Figure 1.

NK cell-based approaches in the immunotherapy of tumors and leukemias. (A) NK cell function may be greatly hampered by inhibitory factors and/or cytokines produced by tumor cells or cells of the tumor microenvironment (e.g., fibroblasts, F) and by hypoxia that primarily induce down-regulation of activating NK receptors. (B) CD16-mediated antibody dependent cytotoxicity (ADCC) appears to be poorly susceptible to the inhibitory tumor microenvironment.
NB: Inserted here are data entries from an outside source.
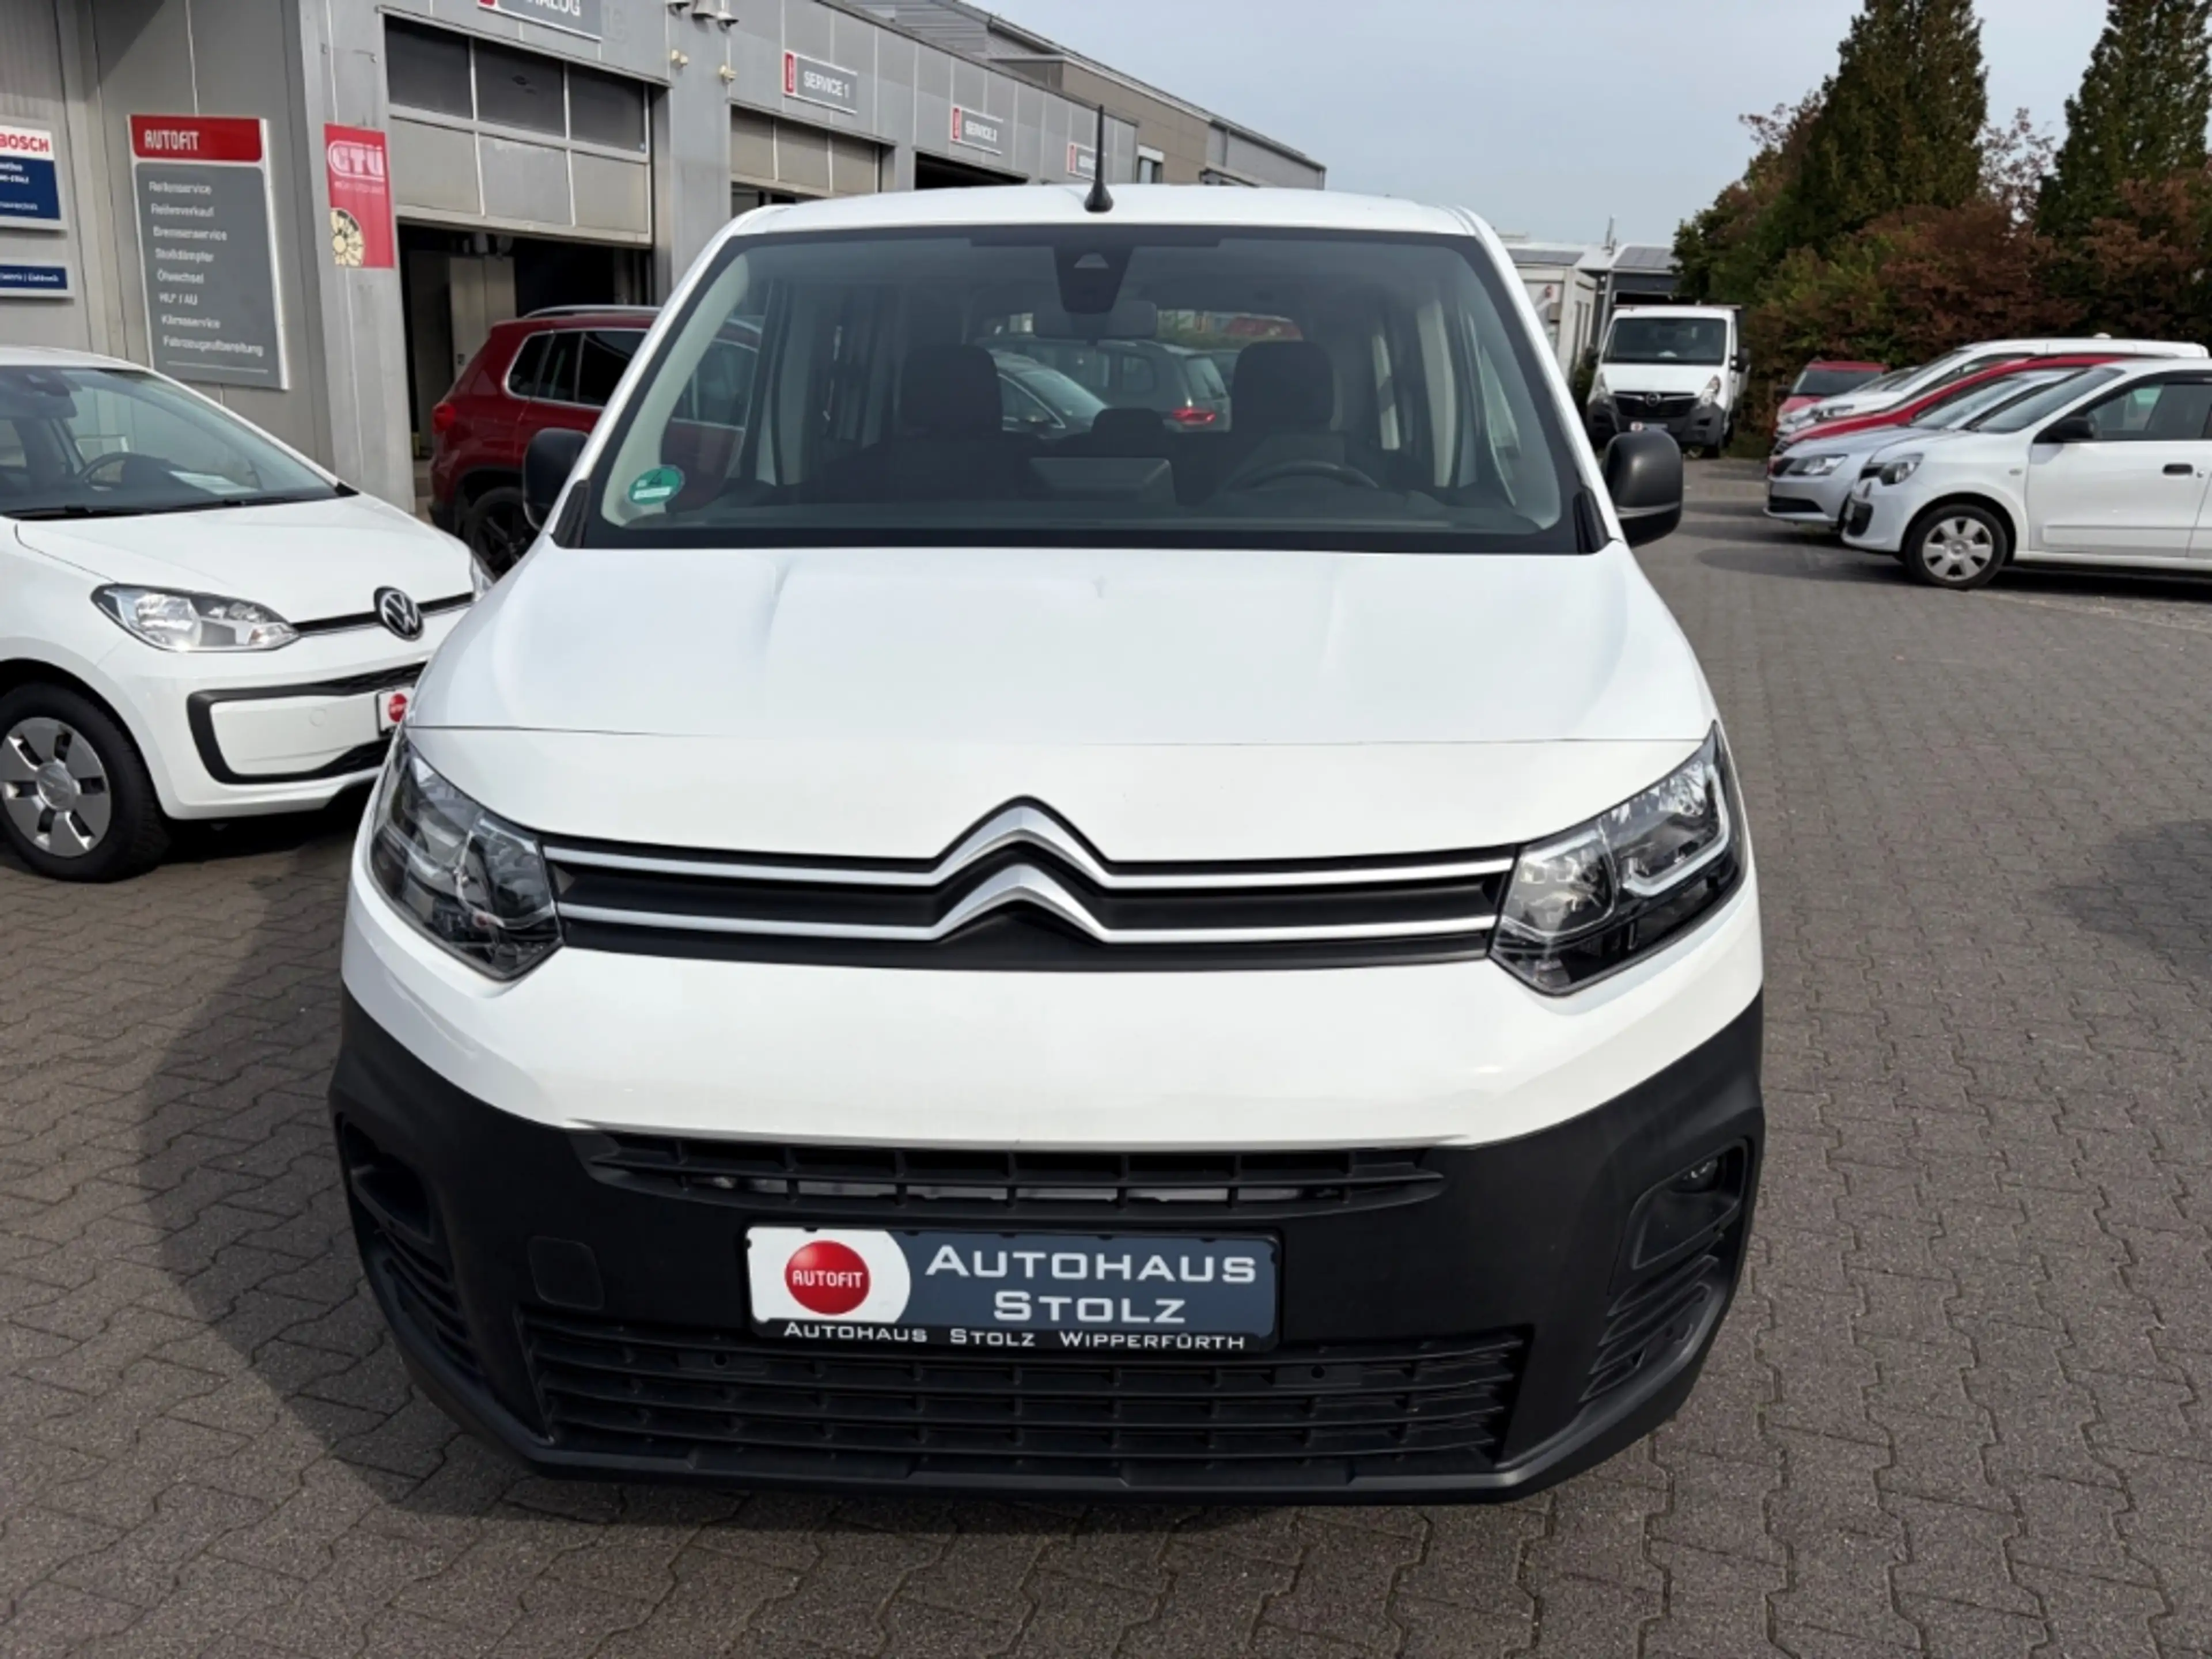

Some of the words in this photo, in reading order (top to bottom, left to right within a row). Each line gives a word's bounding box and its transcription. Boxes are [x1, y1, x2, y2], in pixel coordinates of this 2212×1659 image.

[804, 70, 843, 96] SERVICE
[844, 83, 850, 99] 1
[0, 134, 49, 152] BOSCH
[145, 129, 199, 150] AUTOFIT
[791, 1268, 863, 1289] AUTOFIT
[925, 1244, 1257, 1284] AUTOHAUS
[993, 1290, 1186, 1324] STOLZ
[783, 1321, 928, 1343] AUTOHAUS
[949, 1328, 1036, 1347] STOLZ
[1059, 1331, 1245, 1350] WIPPERFÜRTH
This mechanism may contribute to the positive clinical outcome of patients treated with tumor-specific monoclonal antibodies (mAbs). (C) In the T-depleted haplo-HSCT, KIR⁺ alloreactive NK cells derived from donor HSC (generated after 6–8 weeks) kill leukemia blasts (inducing GvL), DC (preventing GvHD), and T cells (preventing graft rejection) remaining after the conditioning regimen. (D) In haplo-HSCT, early leukemia relapses and severe viral infection may occur during the time interval (6–8 weeks) required for the generation of efficient alloreactive NK cells. The novel approach based on TCR α/β⁺- and B cell-depletion allows the infusion of donor-derived mature alloreactive NK cells and TCR γ/δ⁺ cells together with HSC, thus allowing a better control of leukemia relapses, GvHD, graft rejection, and viral infection/reactivation.